If \(\mathrm{b}^{2}=\) ac, equation \(\mathrm{ax}^{2}+2 \mathrm{bx}+\mathrm{c}=0\) and \(\mathrm{d} \mathrm{x}^{2}+2 \mathrm{ex}+\mathrm{f}=0\) have common roots then \((\mathrm{d} / \mathrm{a}),(\mathrm{e} / \mathrm{b}),(\mathrm{f} / \mathrm{c})\) are in (a) A.P. (b) G.P. (c) H.P. (d) None of these

Quadratic equations are an essential concept in algebra, central to understanding various aspects of mathematics, physics, engineering, and other scientific fields. Fundamentally, a quadratic equation is a polynomial equation of the second degree, generally represented as \( ax^2 + bx + c = 0 \), where \( a \), \( b \), and \( c \) are coefficients and \( a eq 0 \). The solutions to these equations, also known as the roots, can be real or complex numbers which satisfy the equation.

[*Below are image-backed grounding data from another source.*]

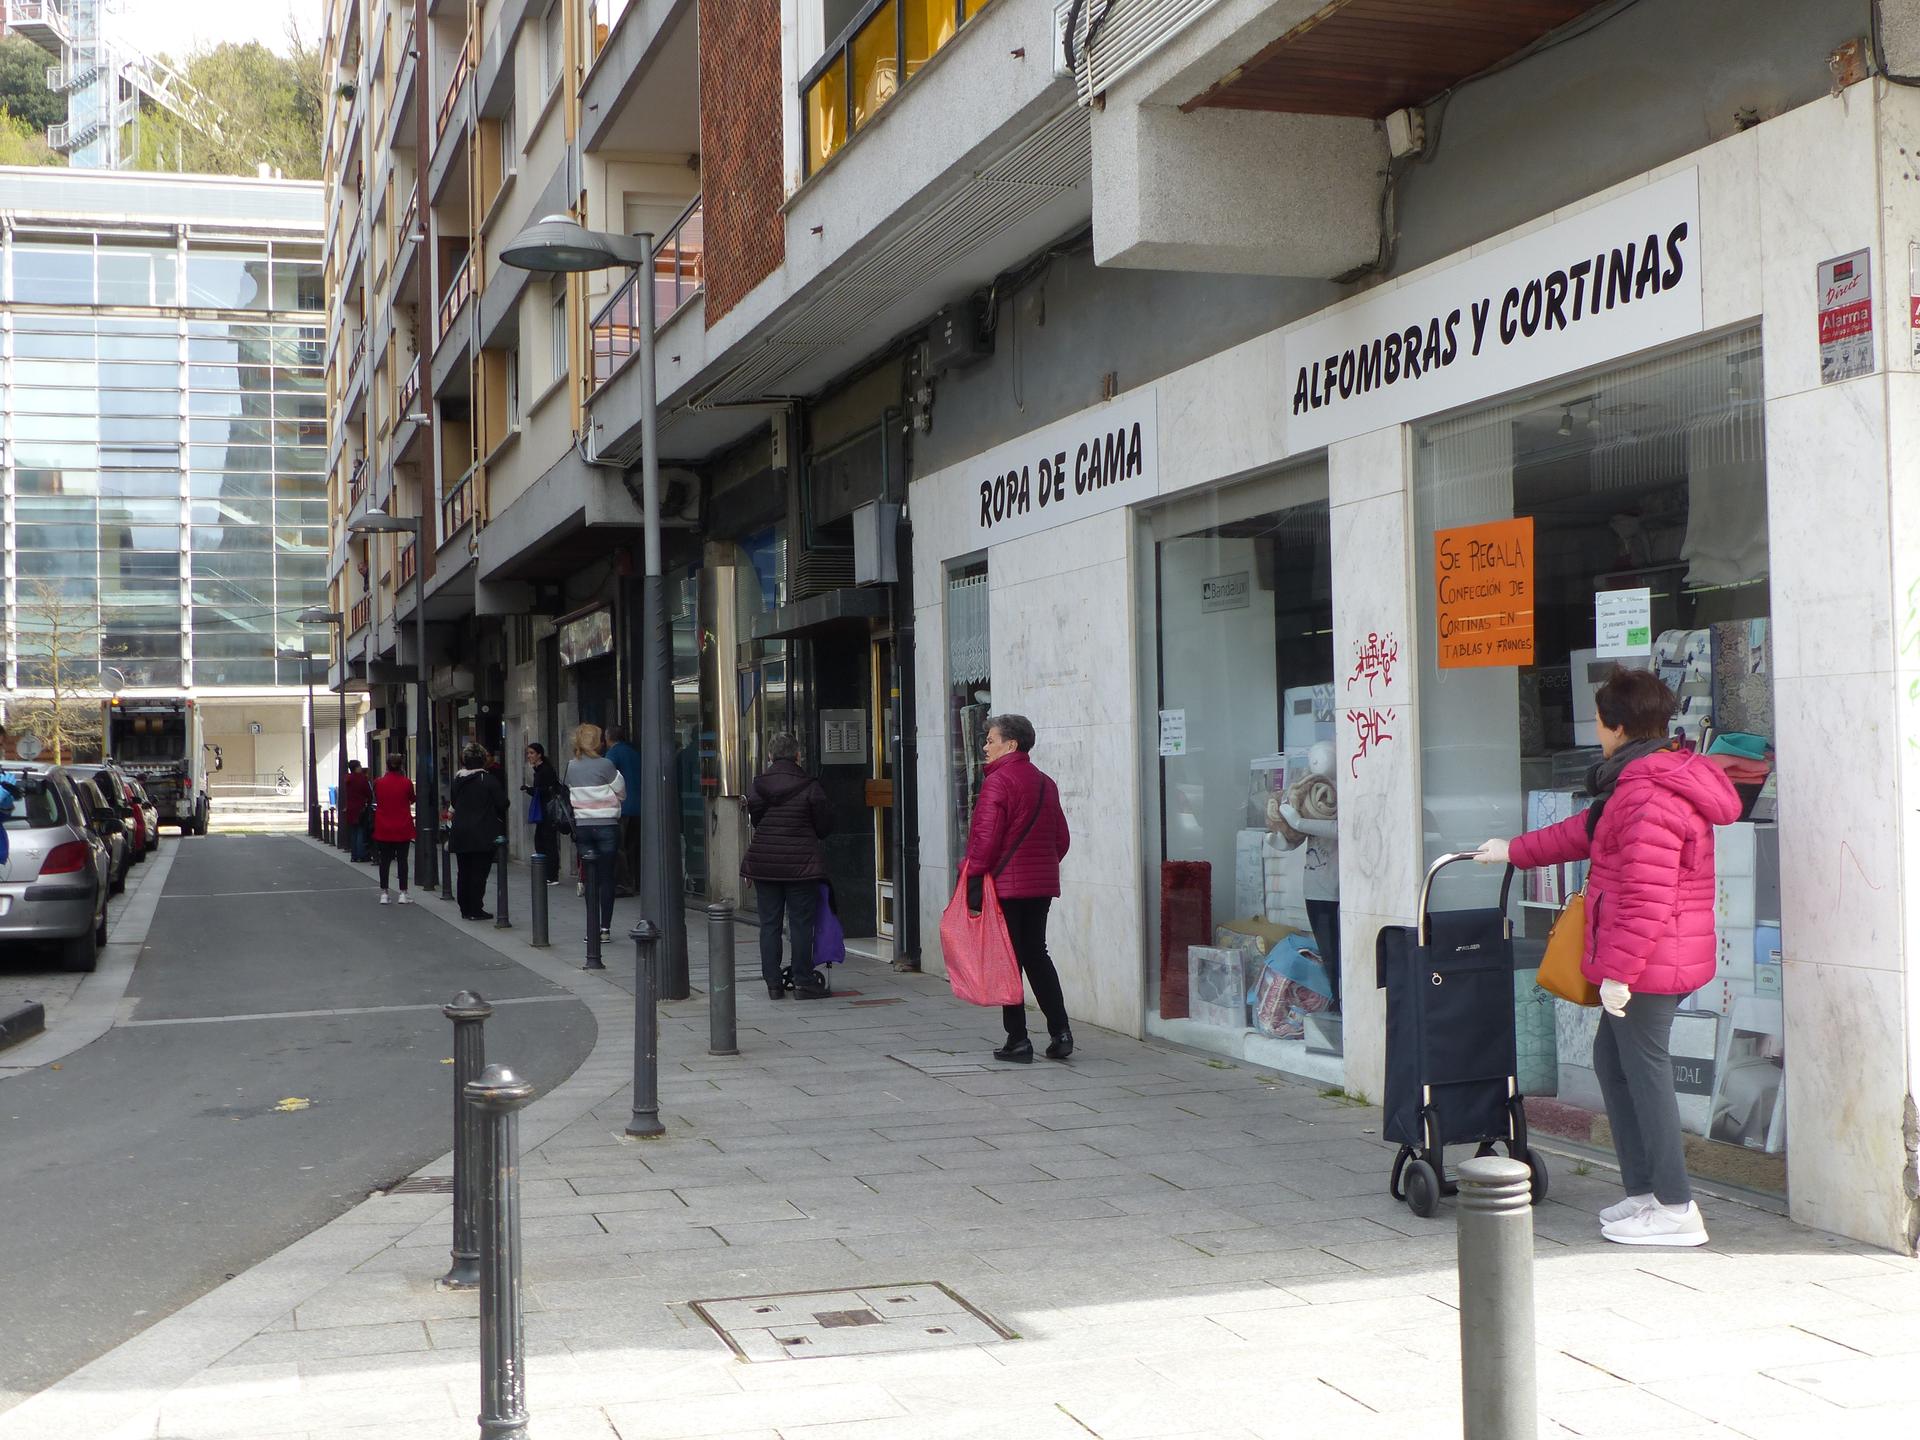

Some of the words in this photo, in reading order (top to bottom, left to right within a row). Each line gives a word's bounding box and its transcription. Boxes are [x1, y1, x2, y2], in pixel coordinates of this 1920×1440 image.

[1826, 273, 1863, 306] Direct
[1293, 307, 1461, 416] ALFOMBRAS
[1469, 297, 1491, 357] Y
[1499, 221, 1689, 347] CORTINAS
[1823, 308, 1868, 332] Alarma
[979, 466, 1032, 530] ROPA
[1038, 451, 1067, 505] DE
[1074, 422, 1143, 493] CAMA
[1467, 537, 1525, 572] REGALA
[1509, 580, 1525, 597] DE
[1439, 612, 1491, 639] CORTINAS
[1500, 611, 1516, 627] EN
[1444, 641, 1483, 659] TABLAS
[1486, 641, 1493, 655] Y
[1496, 638, 1532, 652] FRONCES

The roots can be found using various methods including factoring, completing the square, or using the quadratic formula \( x = (-b \pm \sqrt{b^2-4ac})/(2a) \). This formula provides a straightforward way to calculate roots, as long as one can efficiently handle the discriminant \( b^2-4ac \). If the discriminant is positive, the equation has two distinct real roots. If it is zero, the equation has one real root (a repeated root), and if negative, there are two complex roots.

Quadratic equations are not just about finding their roots; they also have profound implications in graphing a parabola, understanding projectile motion, and solving optimization problems. Their properties, such as their symmetry and vertex, give us a deeper understanding of quadratic functions and their applications.

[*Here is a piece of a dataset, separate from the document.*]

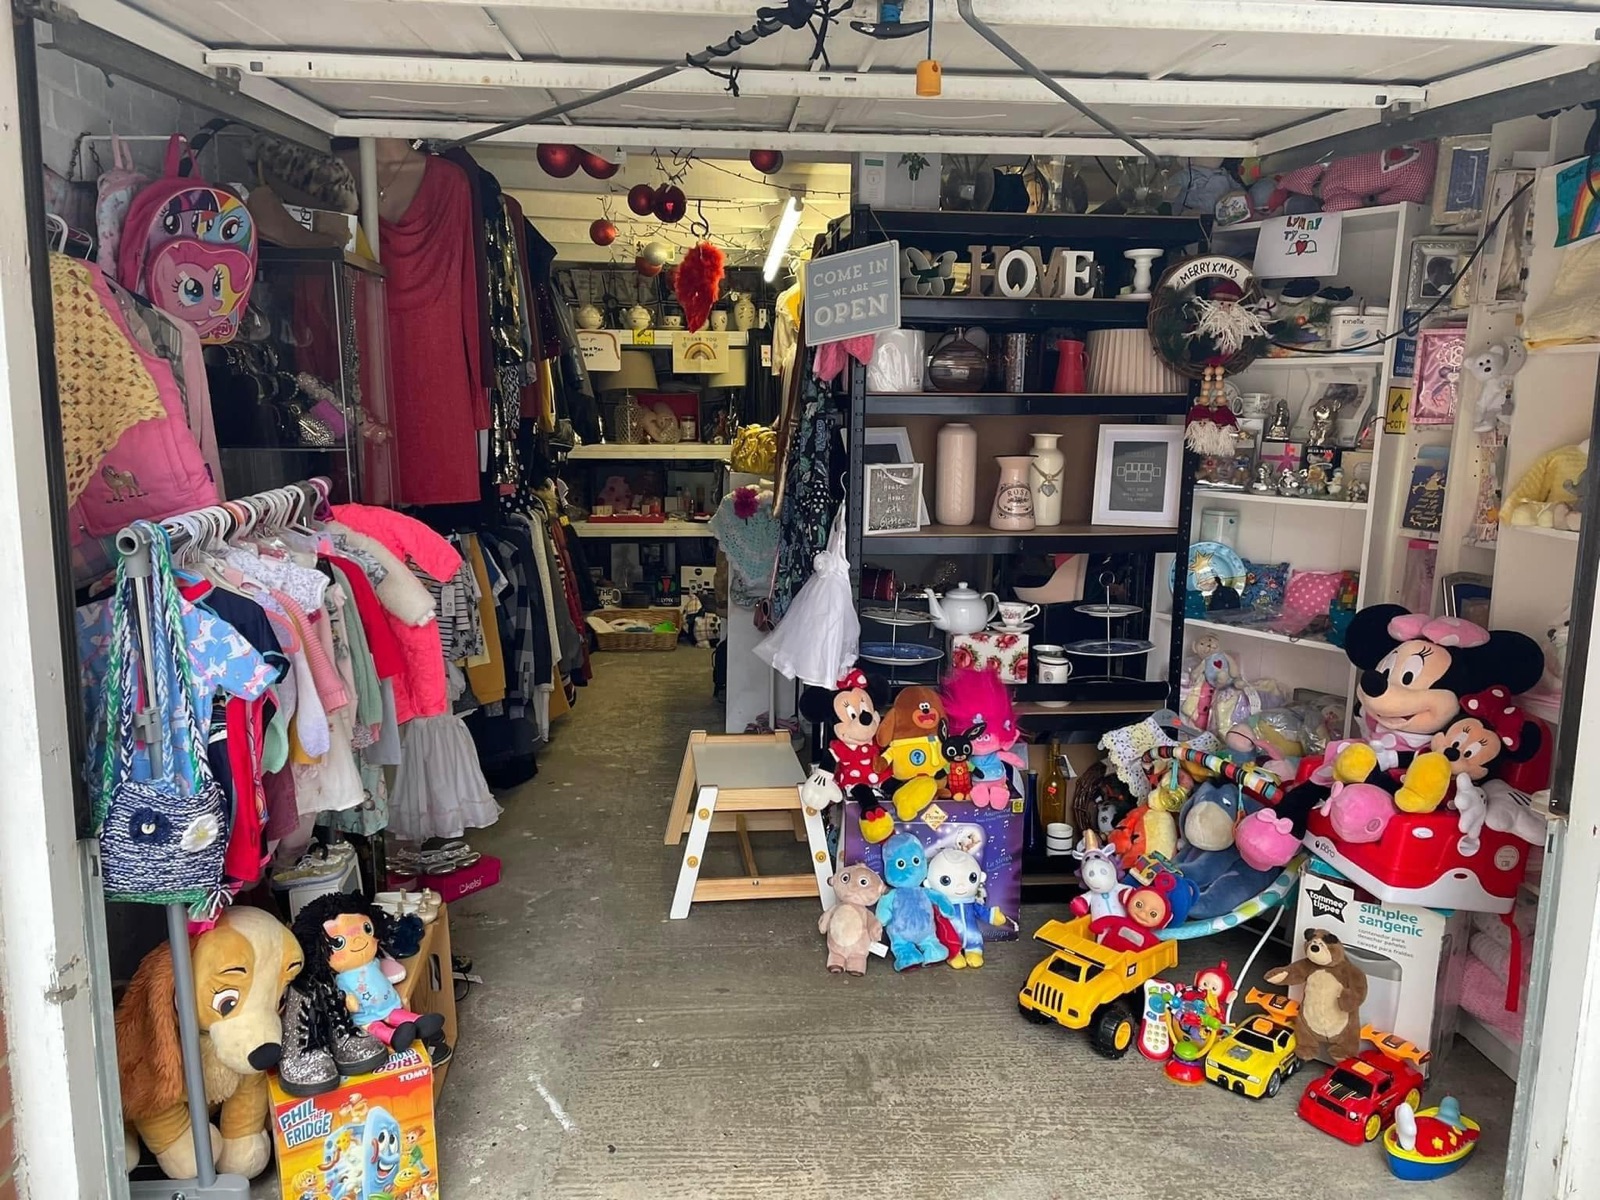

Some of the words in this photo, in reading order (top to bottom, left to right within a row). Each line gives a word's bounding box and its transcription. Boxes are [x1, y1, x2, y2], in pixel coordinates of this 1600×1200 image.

A geometric progression (G.P.) is a sequence of numbers where each term after the first is found by multiplying the previous term by a fixed, non-zero number called the common ratio. For instance, in the sequence \( 2, 4, 8, 16, ... \), the common ratio is 2 because each term is twice the preceding term.

A geometric progression can be finite or infinite and it is characterized by its first term \( a \) and the common ratio \( r \). The general form of a geometric sequence is \( a, ar, ar^2, ar^3, ... \). The nth term of a geometric progression can be expressed as \( ar^{(n-1)} \), and the sum of the first n terms in a finite G.P. is calculated using the formula: \[ S_n = a \frac{1-r^n}{1-r} \] assuming \( r eq 1 \).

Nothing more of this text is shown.